Looking at the journal for `systemd-logind` shows that it's not even being asked to create login sessions for non-root users:
server % sudo systemctl status systemd-logind
● systemd-logind.service - Login Service
Loaded: loaded (/usr/lib/systemd/system/systemd-logind.service; static; vendor preset: disabled)
Active: active (running) since Tue 2017-12-05 02:37:47 CET; 19h ago
Docs: man:systemd-logind.service(8)
man:logind.conf(5)
https://www.freedesktop.org/wiki/Software/systemd/logind
https://www.freedesktop.org/wiki/Software/systemd/multiseat
Main PID: 290 (systemd-logind)
Status: "Processing requests..."
Tasks: 1 (limit: 4915)
CGroup: /system.slice/systemd-logind.service
└─290 /usr/lib/systemd/systemd-logind
Dec 05 02:37:47 tangsanjiao systemd[1]: Starting Login Service...
Dec 05 02:37:47 tangsanjiao systemd[1]: Started Login Service.
Dec 05 02:37:47 tangsanjiao systemd-logind[290]: New seat seat0.
Dec 05 02:37:47 tangsanjiao systemd-logind[290]: Watching system buttons on /dev/input/event3 (Power Button)
Dec 05 02:37:47 tangsanjiao systemd-logind[290]: Watching system buttons on /dev/input/event1 (Power Button)
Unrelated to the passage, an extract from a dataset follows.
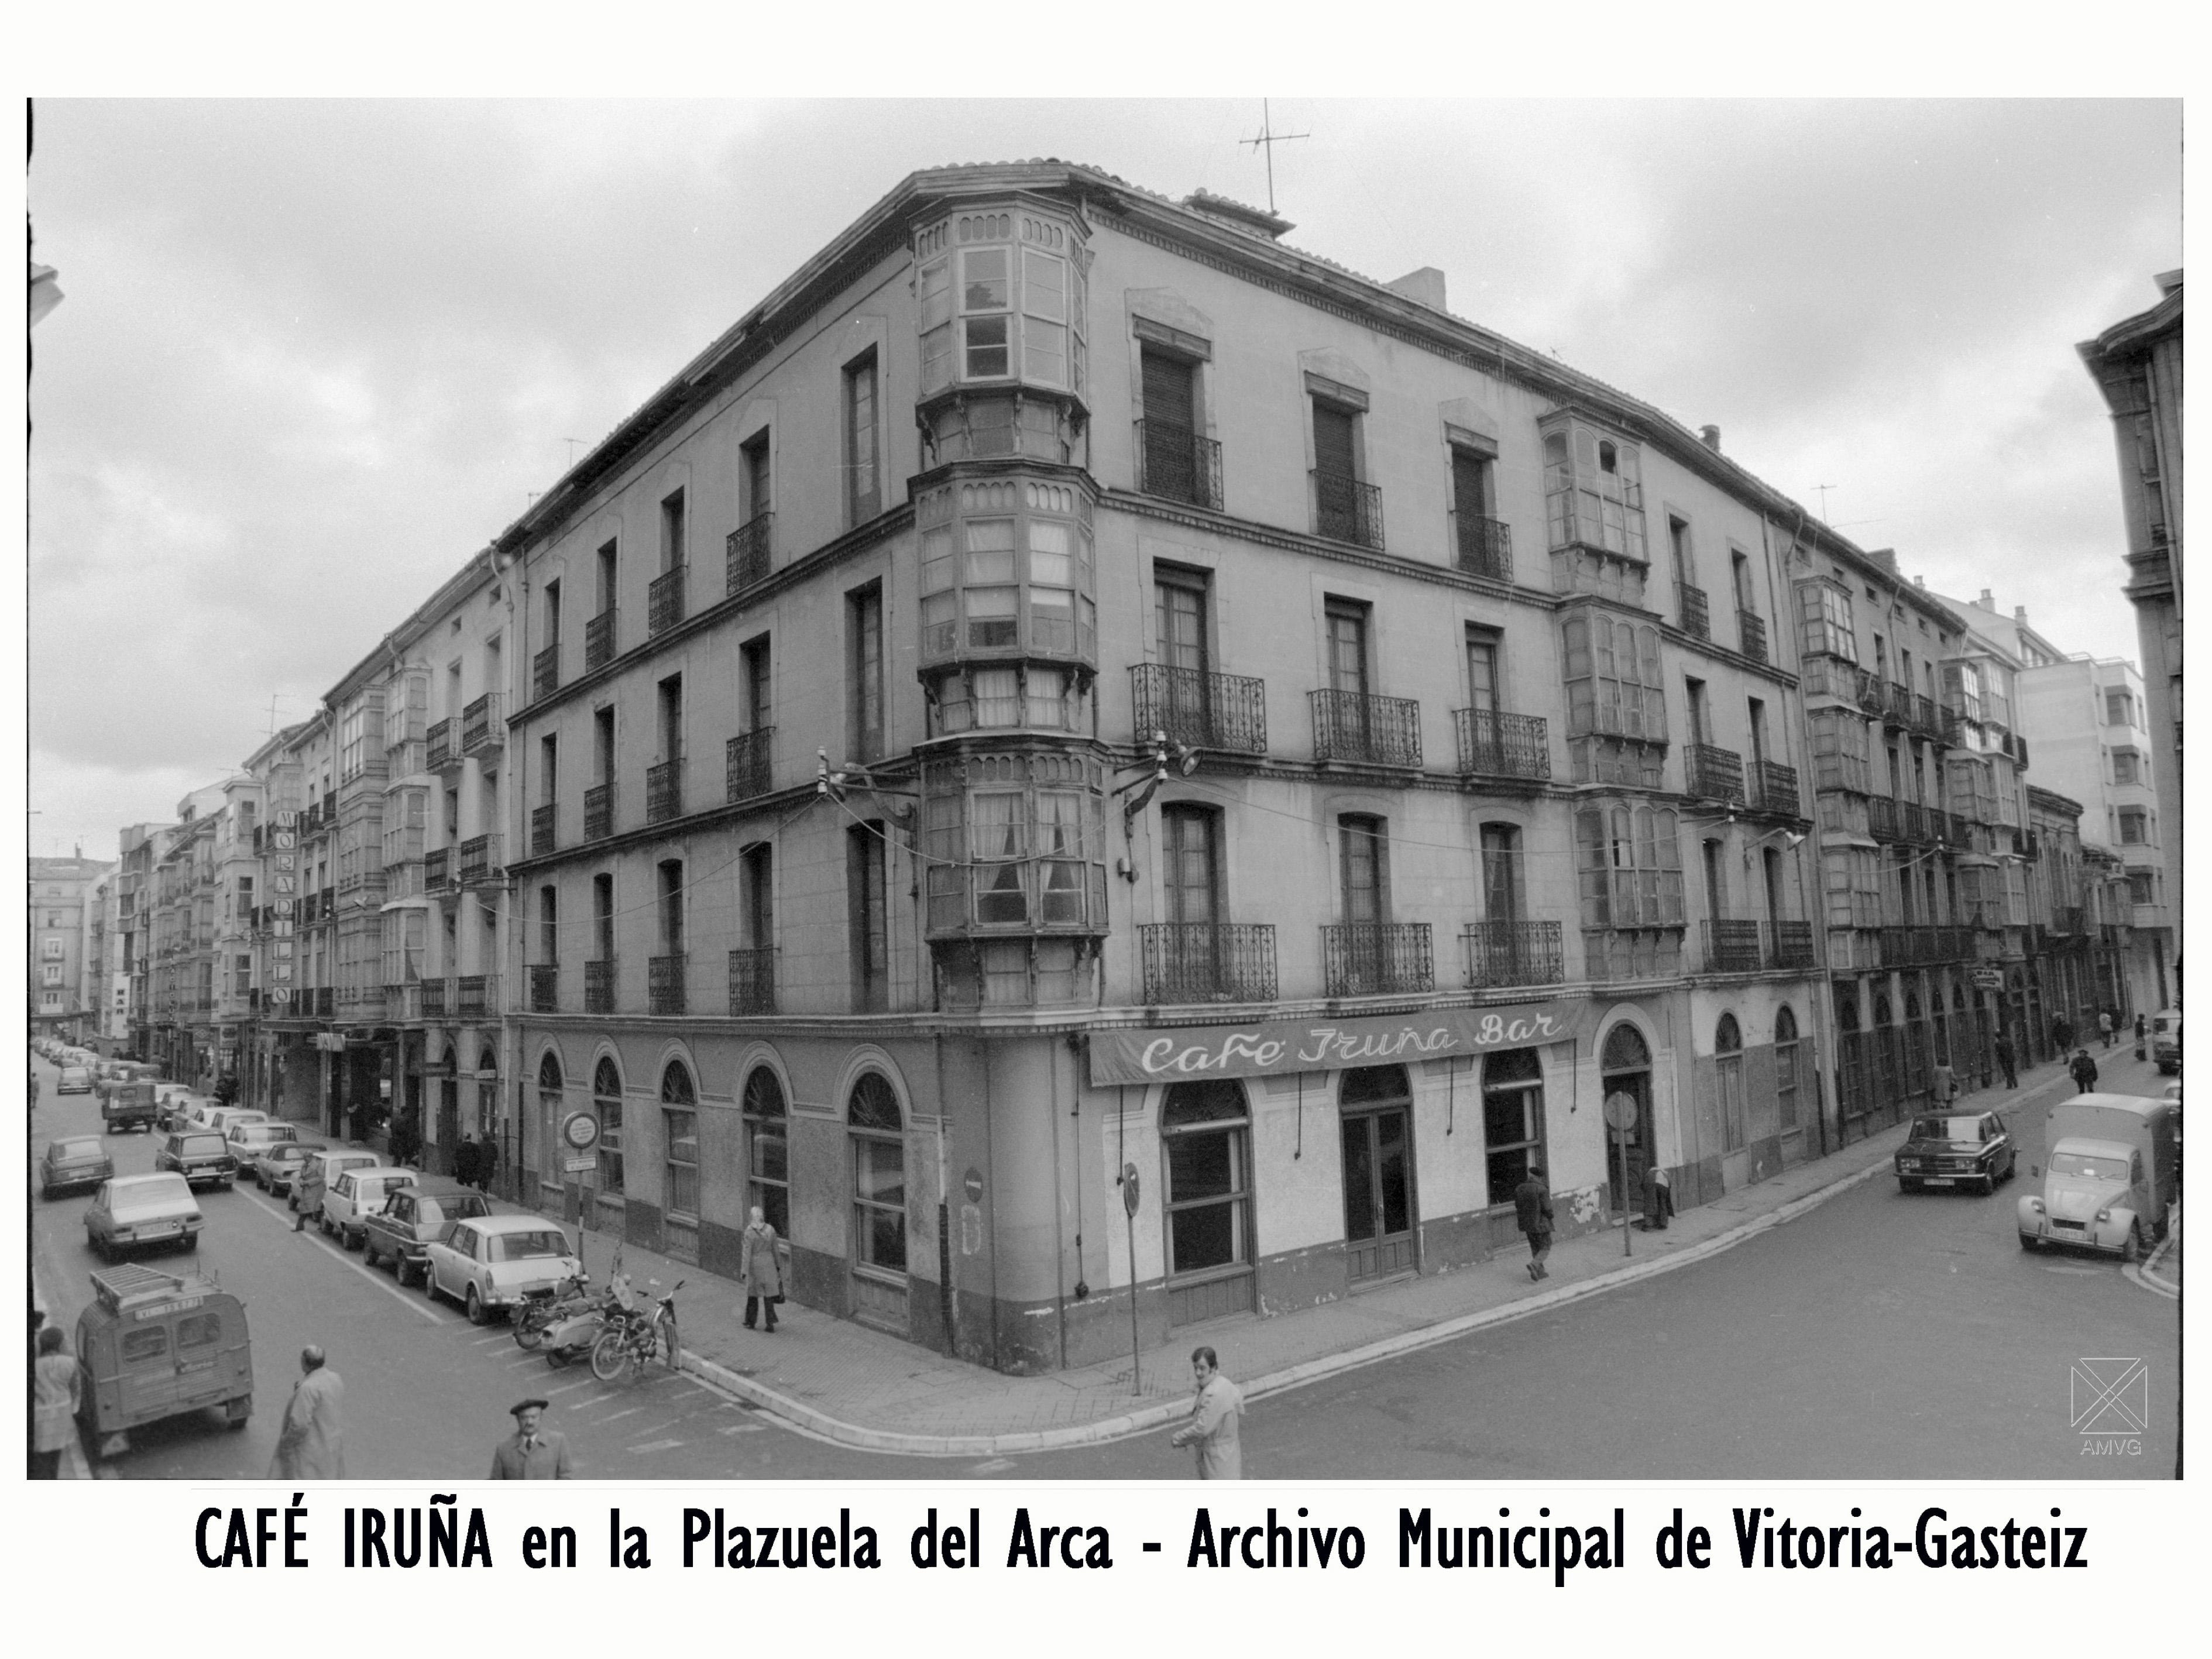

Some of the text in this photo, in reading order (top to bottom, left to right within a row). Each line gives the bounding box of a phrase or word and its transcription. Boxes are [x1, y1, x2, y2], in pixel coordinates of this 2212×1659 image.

[276, 812, 292, 1002] MORADILLO
[1142, 1013, 1562, 1072] Café Iruña Bar
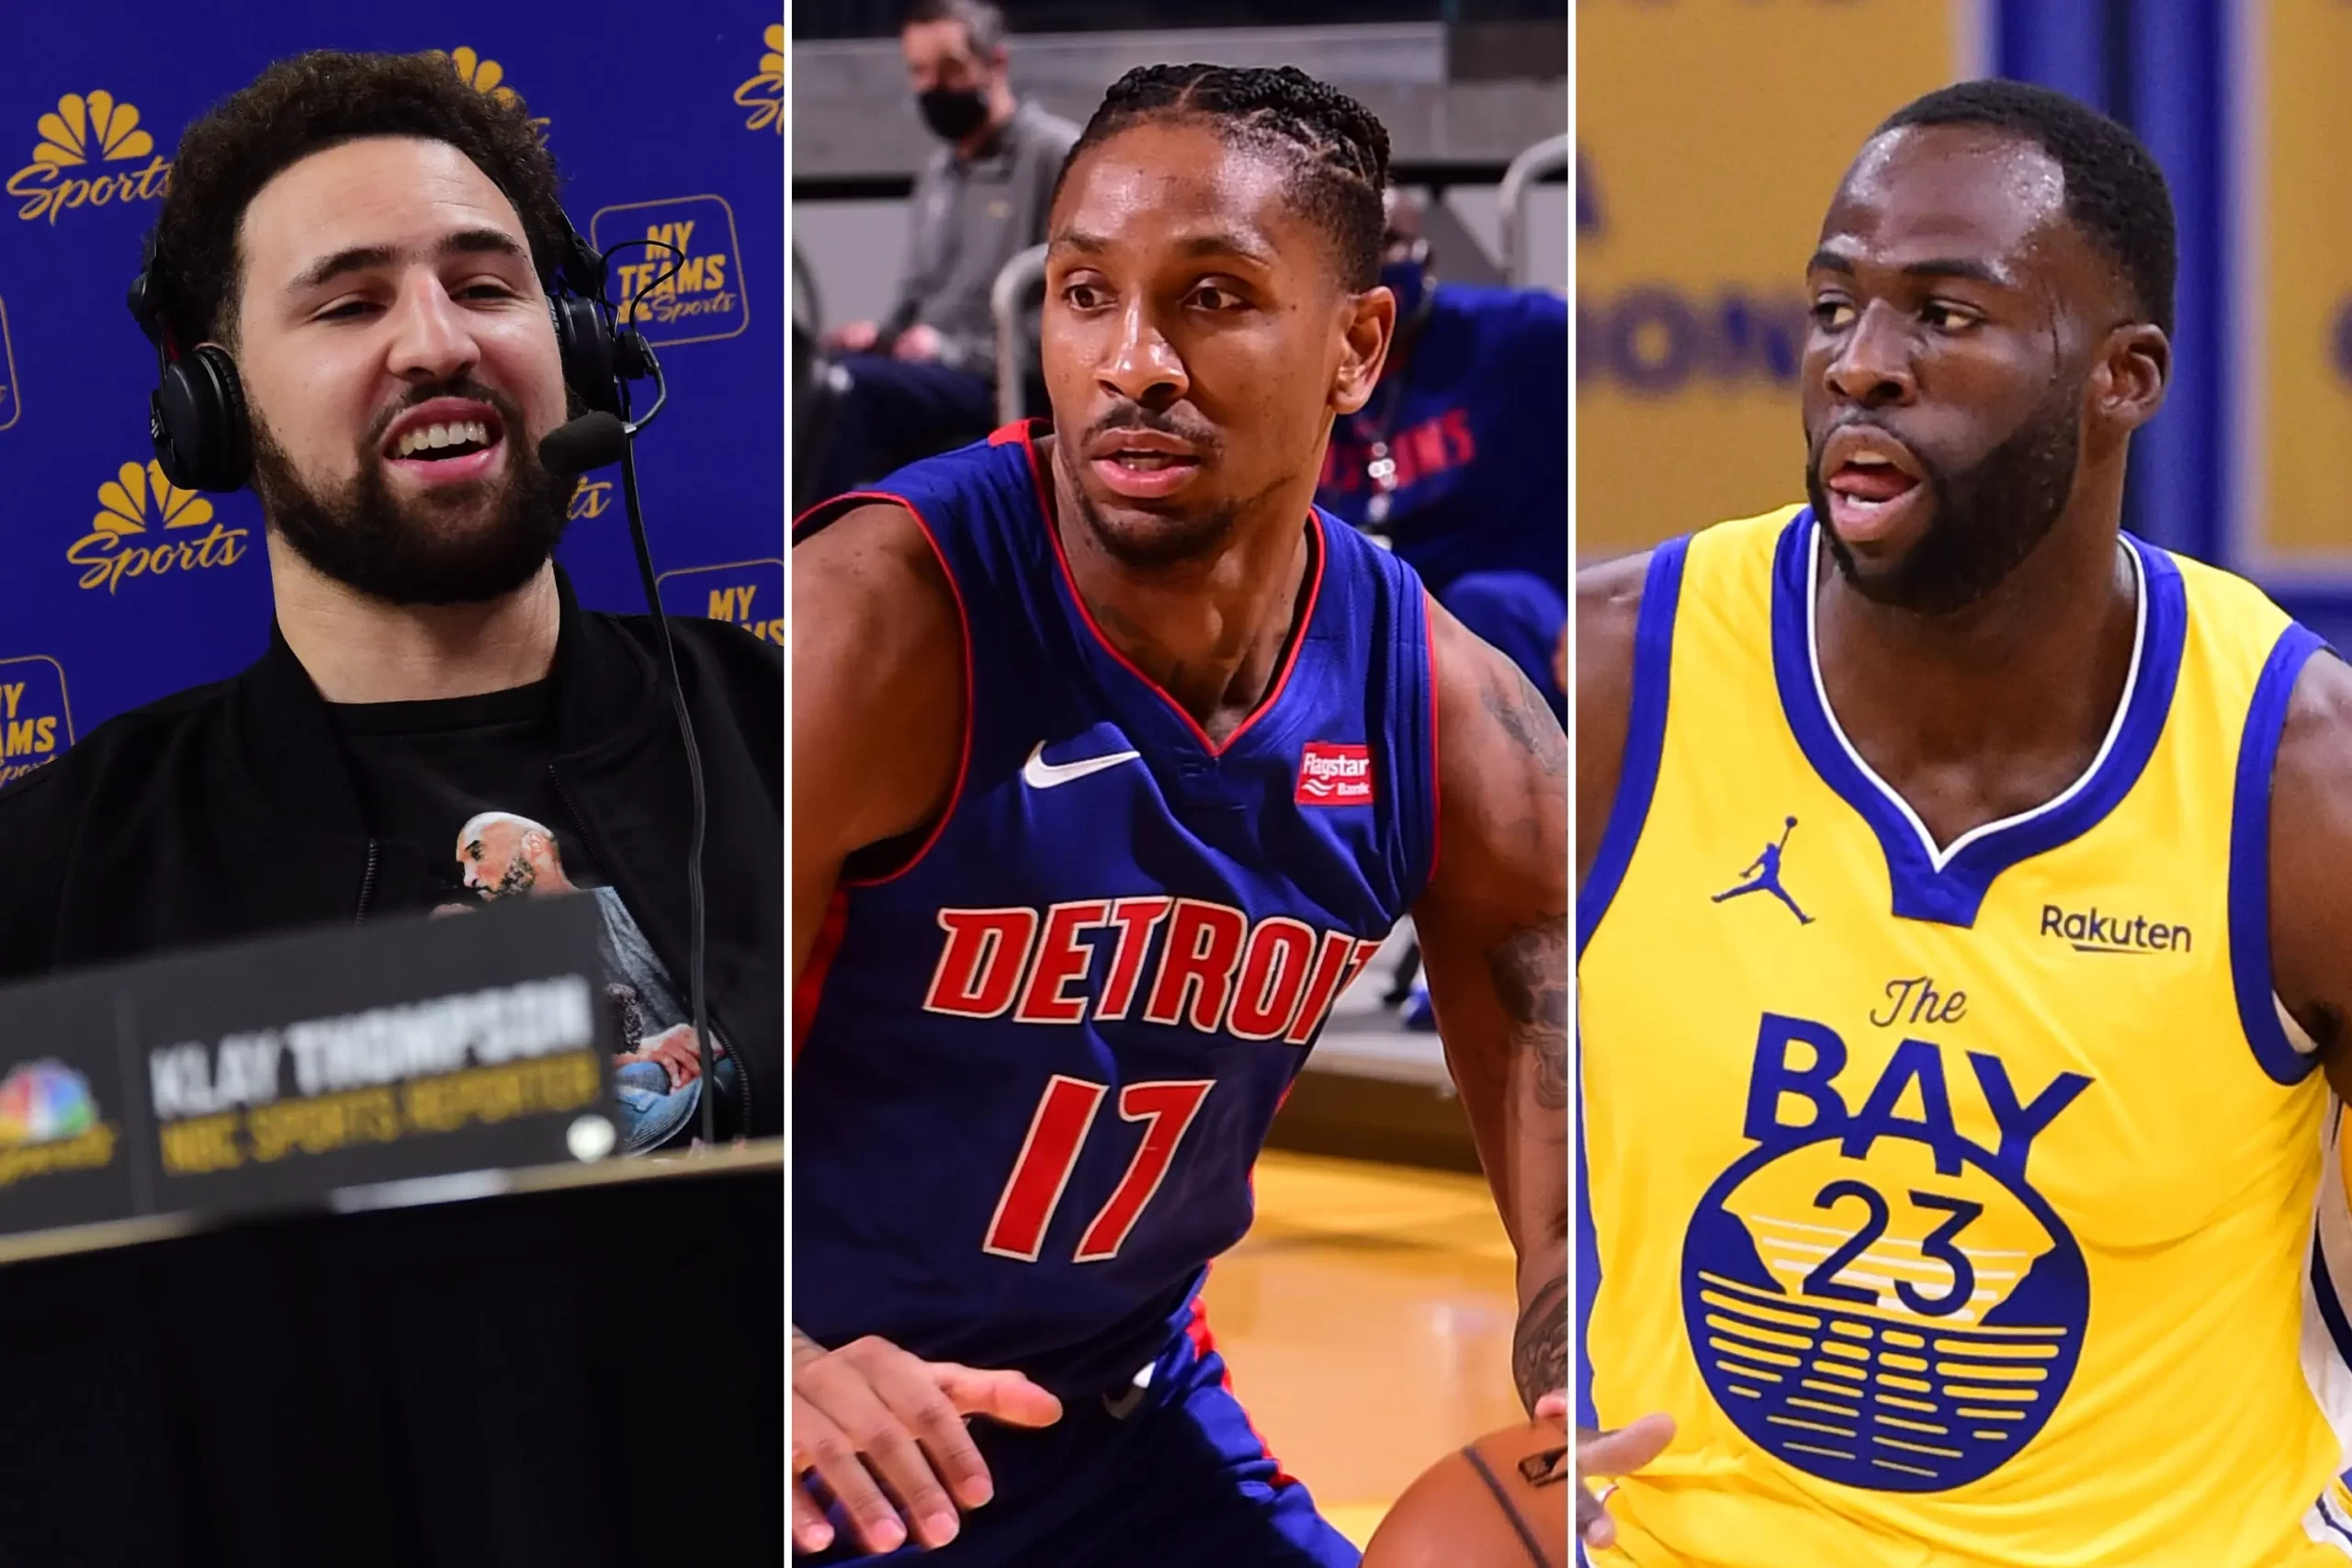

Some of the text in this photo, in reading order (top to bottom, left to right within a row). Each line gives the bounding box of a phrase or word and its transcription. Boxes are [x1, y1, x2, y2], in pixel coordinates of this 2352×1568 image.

Dec 05 02:37:47 tangsanjiao systemd-logind[290]: Watching system buttons on /dev/input/event2 (Sleep Button)
Dec 05 02:38:20 tangsanjiao systemd-logind[290]: New session c1 of user root.
Dec 05 02:38:56 tangsanjiao systemd-logind[290]: Removed session c1.
Dec 05 02:39:04 tangsanjiao systemd-logind[290]: New session c2 of user root.
Dec 05 02:39:05 tangsanjiao systemd-logind[290]: Removed session c2.
Any idea what's wrong here?
Last edited by cdown (2017-12-05 21:00:32)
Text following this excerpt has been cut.